I like older than me but they gotta be under forty, he replied, apparently ignoring the fact that I’m well over that age myself.
Okay, I could bring my black buddies with me then.
I don’t do black guys, he wrote. A minute later, he added, Or porto-ricans [sic] or chinks.
How about my poz buddies? I pecked out.
NO, he wrote. Then added, They gotta be CLEAN.
I’m pretty sure the poz guys I know shower regularly, but whatever. So basically when you say you’ll do ANY cock, you mean HIV-negative middle-class white humans over 28 and under 40.
Yeah, you know any of those?
If you want to be a dirty whore, be a dirty whore. If you want to be a nice boy who only submits to dicks your mama might approve, fine. Do that.
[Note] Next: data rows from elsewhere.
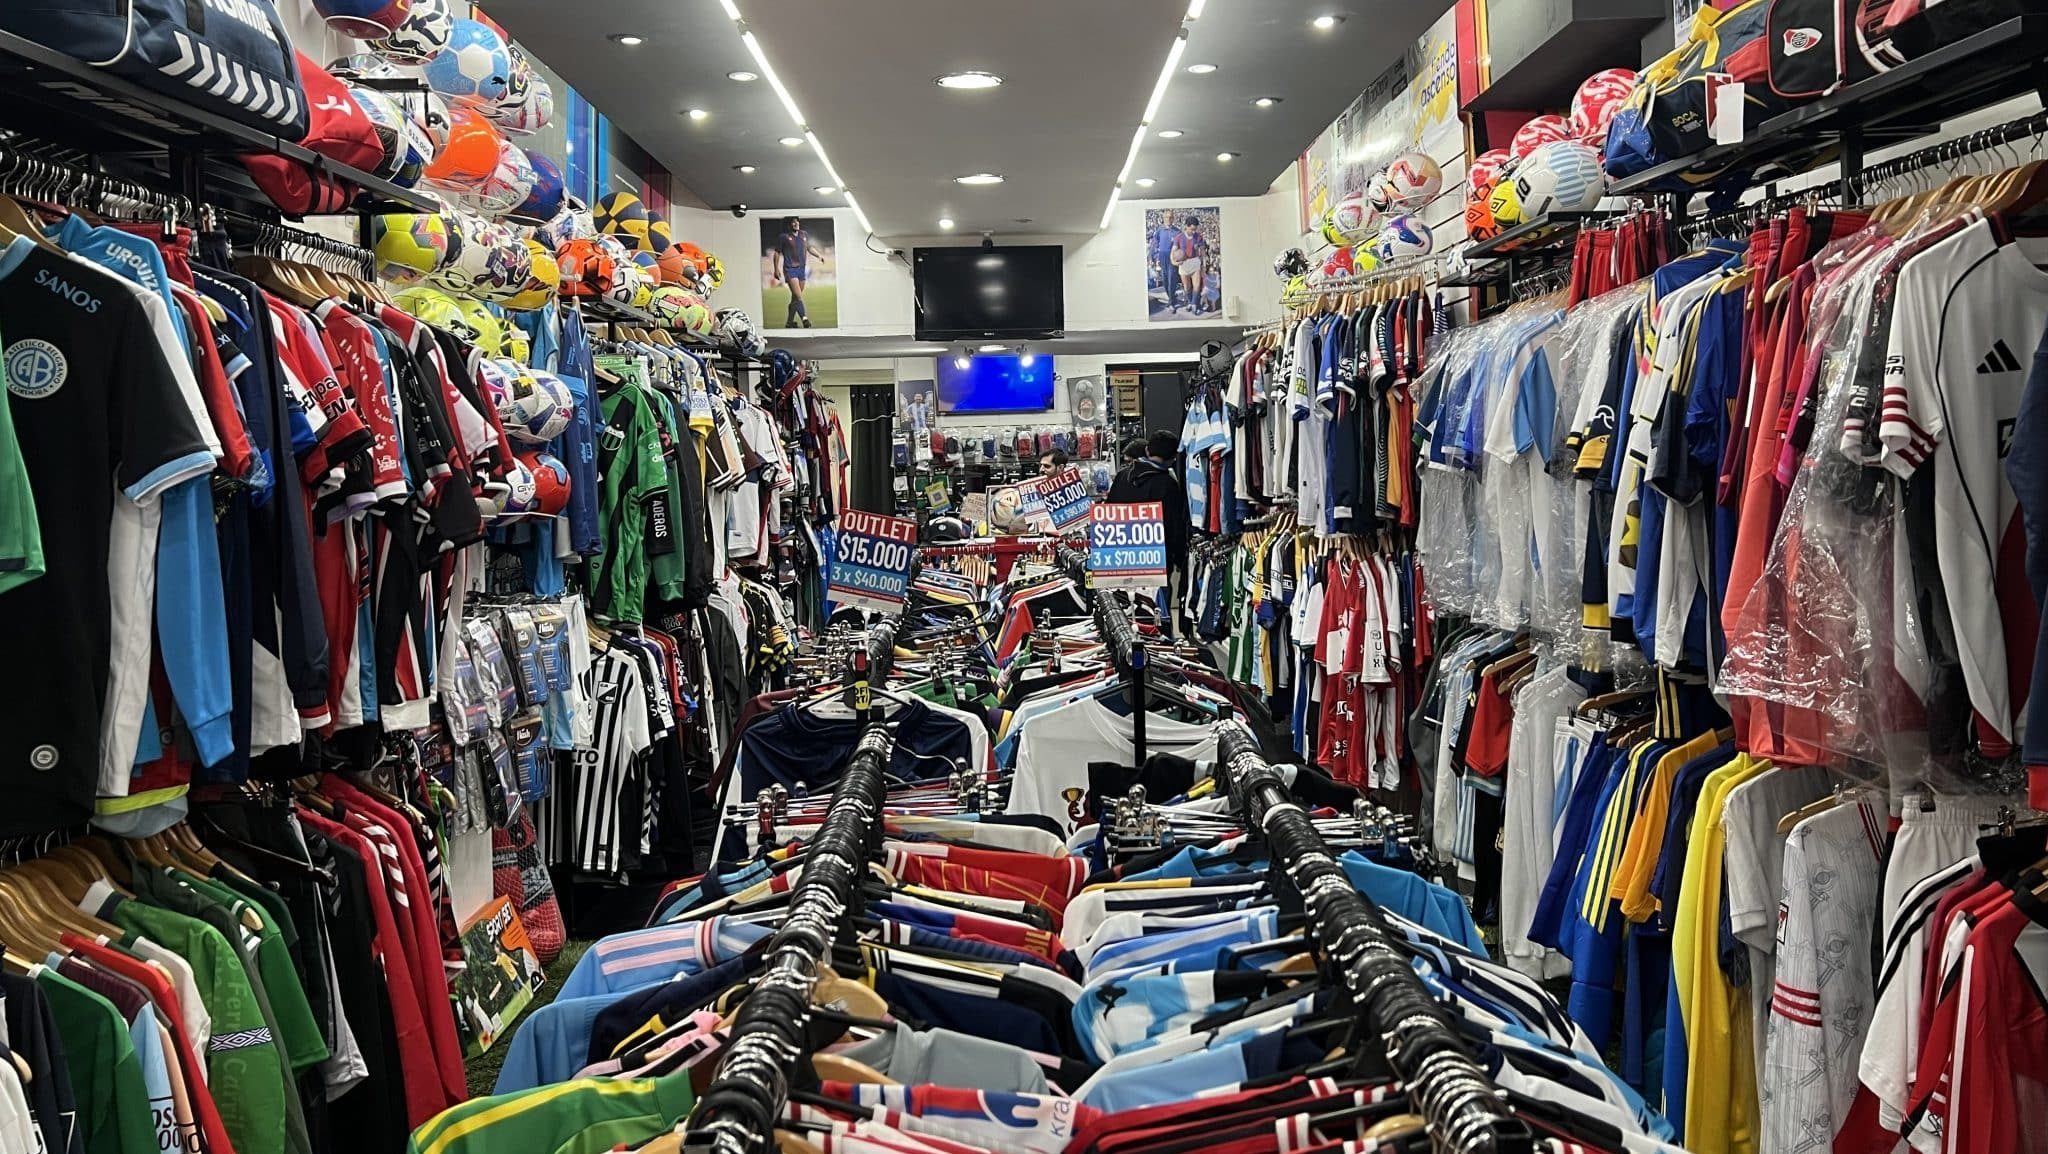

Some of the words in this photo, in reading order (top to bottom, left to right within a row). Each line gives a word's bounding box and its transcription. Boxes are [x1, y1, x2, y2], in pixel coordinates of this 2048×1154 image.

[34, 269, 102, 314] SANOS
[1040, 469, 1078, 495] OUTLET
[1043, 481, 1087, 513] $35.000
[652, 499, 668, 538] ADEROS
[843, 511, 914, 541] OUTLET
[1093, 504, 1159, 521] OUTLET
[1094, 522, 1165, 548] $25.000
[838, 532, 909, 572] $15.000
[1093, 551, 1102, 567] 3
[1104, 555, 1112, 566] x
[1114, 550, 1161, 568] $70.000
[832, 566, 842, 581] 3
[843, 572, 852, 584] x
[854, 569, 902, 593] $40.000
Just know who you are and don't let your mouth make promises the rest of you isn't prepared to carry out.
5. Because I don’t want to buy what you’re selling.
Ask my father, or my brother, or my loved ones, and they’ll tell you that the surest way not to get me to do what you want is to push hard at me to do it. I am one of the stubbornest mules around.
I get a lot of people, because of my blog, who want me to do things for them. They want me to read their porn stories, or they want me to swap blog links with them, or they want me to promote their fledgling blog in my pages. Some people want me to promote their products here. I’m not averse to any of those things in principle, certainly, and I don’t mind people asking.
But what I do mind is when someone asks, and asks, and asks, and badgers me repeatedly to get what he wants. Sending me multiple emails asking for a link exchange or a product mention, then sending me follow-ups asking if I got the emails about the link exchange or product mention, is just going to make me dig in my heels and growl in your general direction. Throw in an admonitory email expressing your exasperation that I’m not leaping at the chance to promote you? Oh, that is when I put your email address in my block filter, my friend.
No, I don’t respond well to the hard sale. (Fawning and flattery will get me, though. Every damned time.)
Your turn. What are your top reasons for blocking other guys?